Every sunrise holds the promise of a new masterpiece.
What lies within is far more important than what lies without.

Every step forward is a declaration of your willingness to grow.
Any Step Forward

Your most beautiful moments are waiting just beyond your comfort zone.
What lies within…

Light reveals itself in the darkness it creates.
The darkness is not the absence of light but the presence of a different kind

Courage is not the absence of fear, but the willingness to take the next step anyway.
Be brave.

Small sparks can ignite entire galaxies.
Small sparks can ignite entire galaxies.

Believe in yourself, take the leap and watch the universe conspire to make your dreams come true.
Take the leap

Life begins at the edge of what you’re willing to let go.
Take the leap.

Some responses are quite amusing, like when it tries to be “mysterious” or more conversational by not completing the sentence fully and just ending it in three dots (“What doesn’t kill you…”), and the ones where it reaches for extreme succintness (“Take the leap.”, “Be brave.”)

Let’s give it some help now. In the prompt, this time I’ll provide all the sayings it initially generated as a list of options to pick from. Will it manage to pick the correct one from the bunch this way?

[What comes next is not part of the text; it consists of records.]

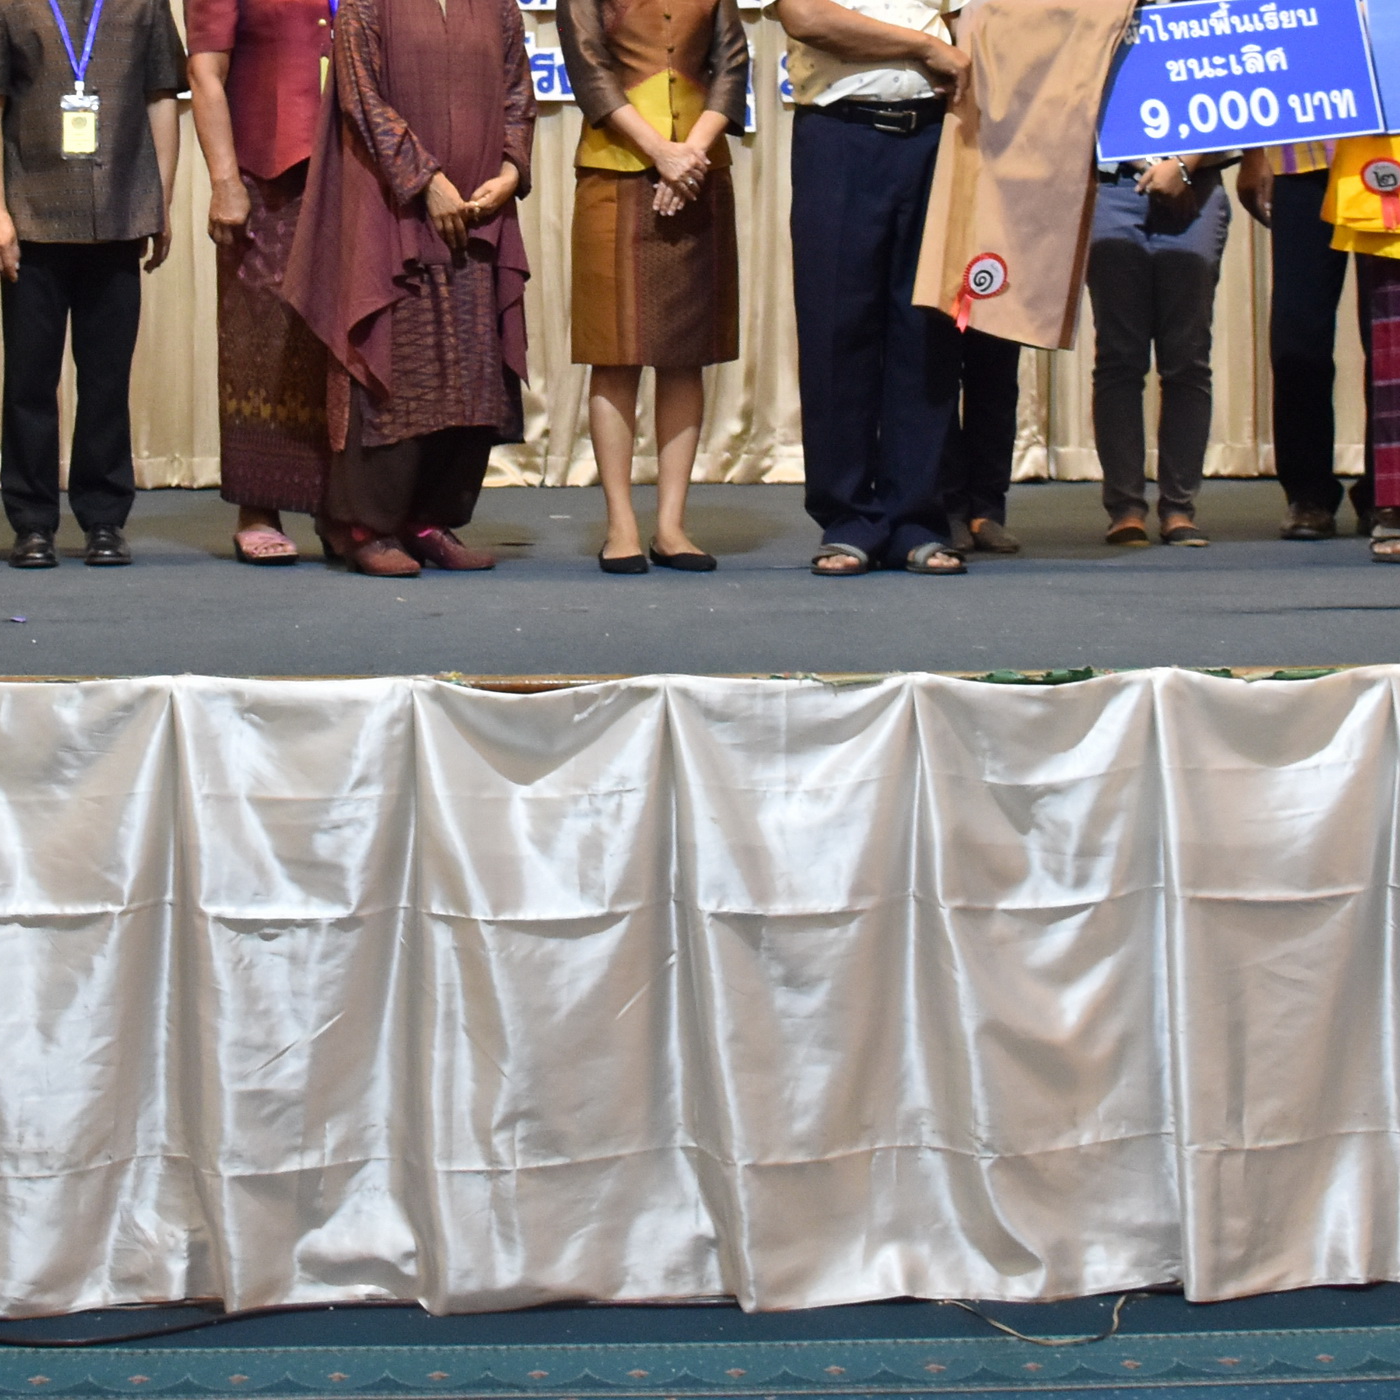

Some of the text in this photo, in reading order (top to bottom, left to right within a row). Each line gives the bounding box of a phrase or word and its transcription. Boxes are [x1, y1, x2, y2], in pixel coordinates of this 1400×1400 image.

[1165, 43, 1289, 82] ชนะเลิศ
[1139, 86, 1358, 140] 9,000 บาท
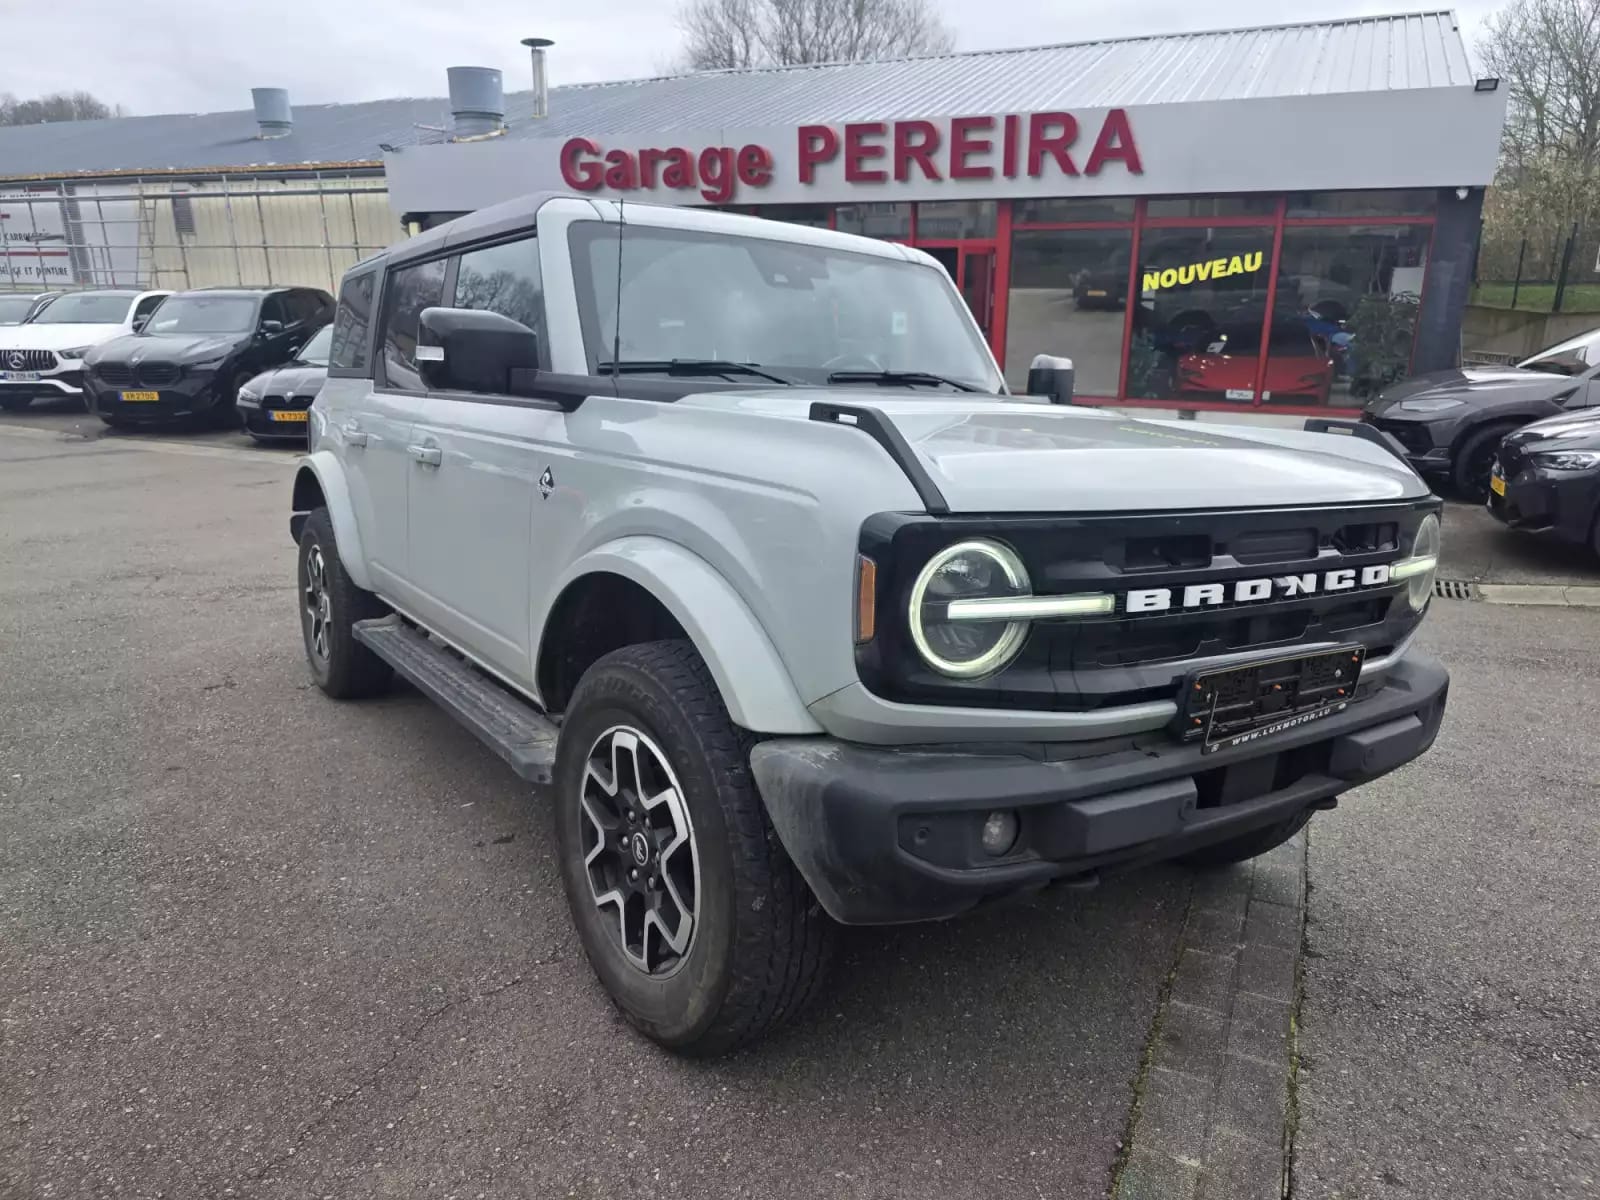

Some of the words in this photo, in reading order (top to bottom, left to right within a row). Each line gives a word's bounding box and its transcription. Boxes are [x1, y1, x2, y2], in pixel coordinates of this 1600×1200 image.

[559, 137, 773, 202] Garage
[798, 108, 1144, 186] PEREIRA
[1142, 251, 1263, 292] NOUVEAU
[1126, 565, 1390, 613] BRONCO
[1231, 708, 1331, 746] WWW.LUXMOTOR.LU

Turns out, indeed, if I gave it options to pick from, it picked the right one, every time. Quite the difference between with or without RAG!

Conclusion

The open-source LLMs I tried have not yet passed my “test” to guess the initial sayings from which the essays were generated. They seem not ready to perform well for requests that require any kind of precise and correct answers, but I will keep trying new models as they are made available.

However, they are still useful if you know what you can expect from them – they are very good for storing and retrieving many loosely connected facts, and they can help with brainstorming.

When I applied RAG and gave it options, the difference is like night and day compared to when I didn’t. If given the options, it picked the right answer every time, but as we saw, with no support, it did not perform well at all.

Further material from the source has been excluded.